The full listing, written out exactly and without images, is the expected result.

[Data to use Boundary: Start]

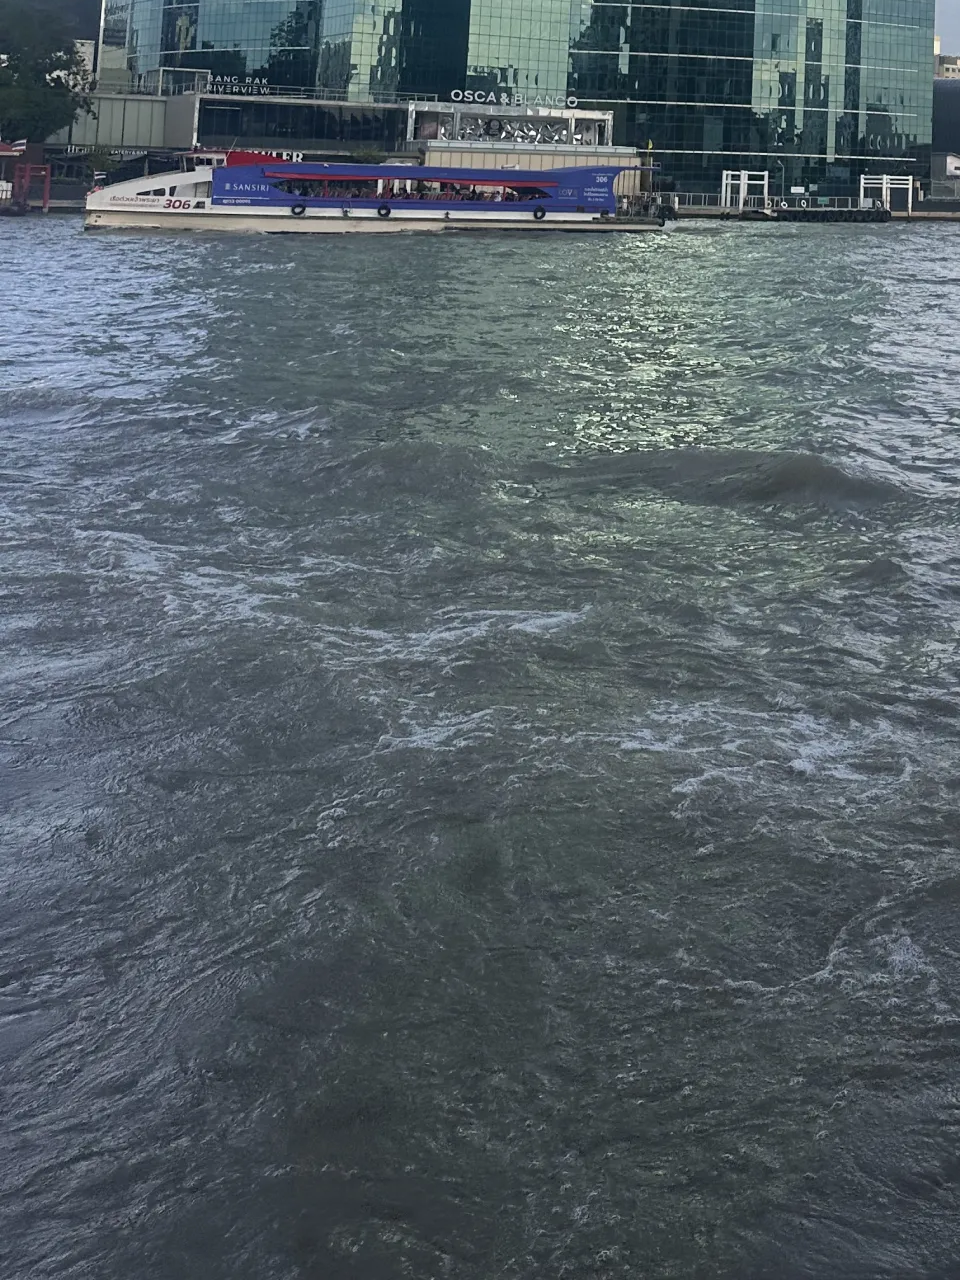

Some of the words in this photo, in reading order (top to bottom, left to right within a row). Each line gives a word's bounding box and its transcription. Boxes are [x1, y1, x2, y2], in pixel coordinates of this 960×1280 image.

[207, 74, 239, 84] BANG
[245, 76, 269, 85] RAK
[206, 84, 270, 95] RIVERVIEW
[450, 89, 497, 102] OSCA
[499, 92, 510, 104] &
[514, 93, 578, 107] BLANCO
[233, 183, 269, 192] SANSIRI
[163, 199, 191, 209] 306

[Data to use Boundary: End]

__Completed task__:
Some of the words in this photo, in reading order (top to bottom, left to right within a row). Each line gives a word's bounding box and its transcription. Boxes are [x1, y1, x2, y2], in pixel coordinates of this 960×1280 image.

[207, 74, 239, 84] BANG
[245, 76, 269, 85] RAK
[206, 84, 270, 95] RIVERVIEW
[450, 89, 497, 102] OSCA
[499, 92, 510, 104] &
[514, 93, 578, 107] BLANCO
[233, 183, 269, 192] SANSIRI
[163, 199, 191, 209] 306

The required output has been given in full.